'Til Death Do Us Part
By Kate White
Warner Vision
Copyright © 2004
Kate White
All right reserved.
ISBN: 0-446-61493-9
Chapter One
THE FIRST TIME she said her name on the phone that January night, I
couldn't place her-though there was something vaguely familiar about
the voice. It had a snooty, trust fundy tone, as if she were
announcing, "I own a Marc Jacobs bag and you don't."

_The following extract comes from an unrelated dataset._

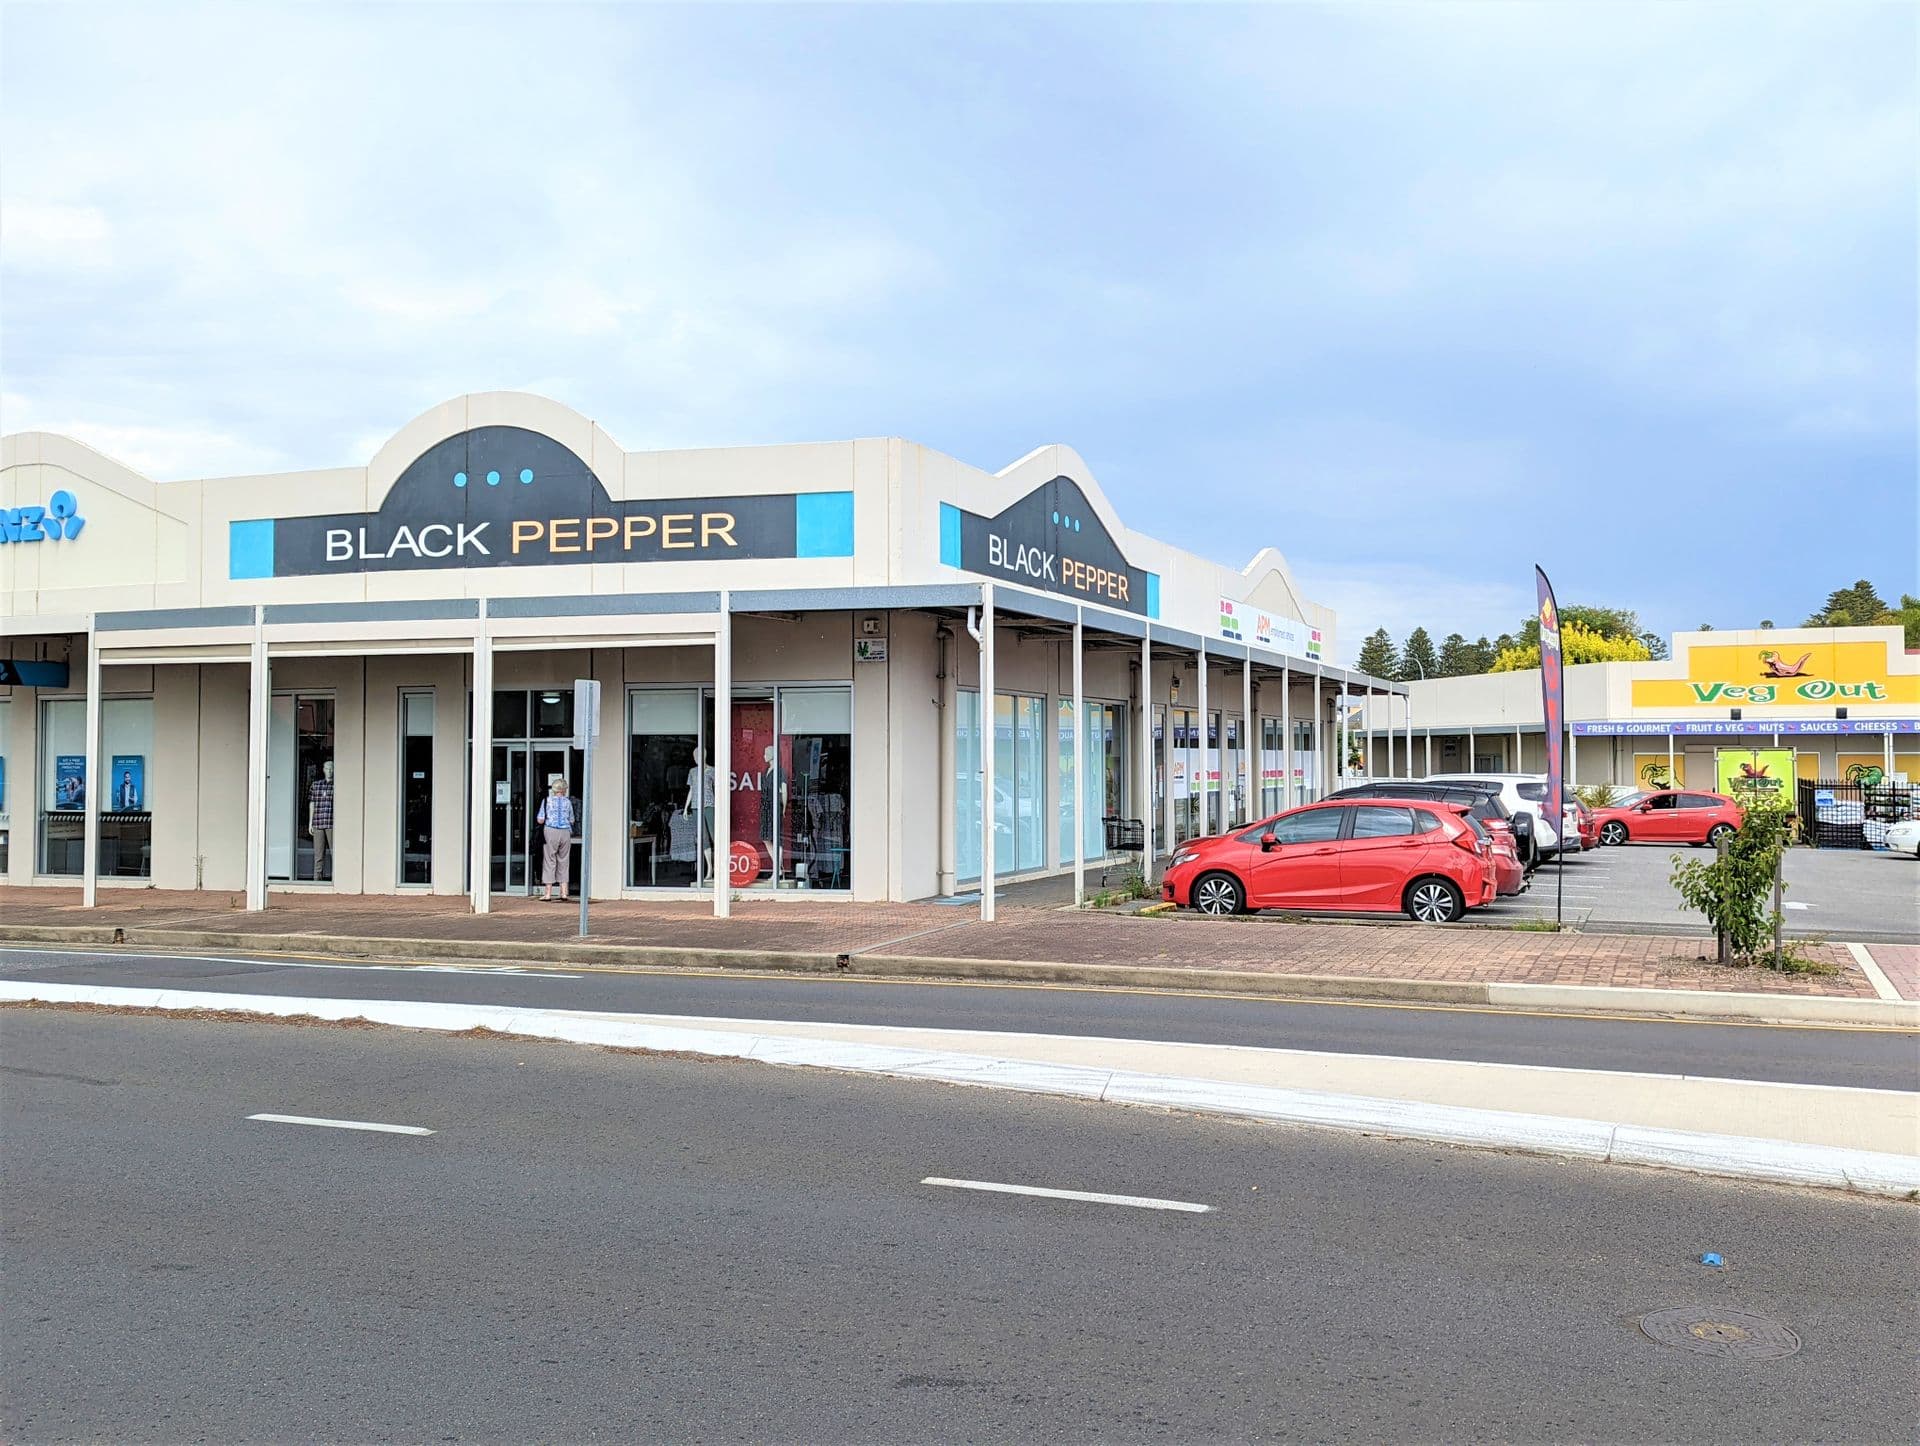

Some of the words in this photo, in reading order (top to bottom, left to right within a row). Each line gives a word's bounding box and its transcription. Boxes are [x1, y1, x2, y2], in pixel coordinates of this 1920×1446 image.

"Ashley Hanes," she said once more, this time with exaggerated
emphasis and irritation, the way American tourists sometimes speak
to foreigners who don't understand them. "We met at Peyton Cross's
wedding. I was a bridesmaid, remember?"
Ohh, right. We had been introduced late last April in Greenwich,
Connecticut, during the infamous Cross-Slavin wedding weekend.
Ashley had graduated from the same exclusive private high school as
the bride and was now working, if my memory was correct, as an
interior decorator in Greenwich-though working was apparently
something she chose rather than had to do. An image of her began to
loosen from my memory: long, chestnut-colored hair, slim as a French
baguette, and haughty as hell, just like the voice. She was the kind
of woman who would meet you at a party and look right through you,
as if you were a potted palm.
"Oh, right, I'm so sorry," I said. "I'm in a little bit of a fog at
the moment. How are you, anyway?"
I was pretty sure what was coming next. Since I'm a contributing
writer for
Gloss magazine, I often get phone calls from people I've
met asking for fashion- or publishing-related favors. But I write
gritty, true crime and human-interest stories for the magazine, and
I'm not connected to the glittery, glossy stuff. My name is Bailey
Weggins, by the way, and just for the record, I am categorically
unable to help someone become a Ford model, gain admittance to a
Chanel sample sale, or publish a confessional article on how a
liposuction procedure left ugly scars along her buttocks.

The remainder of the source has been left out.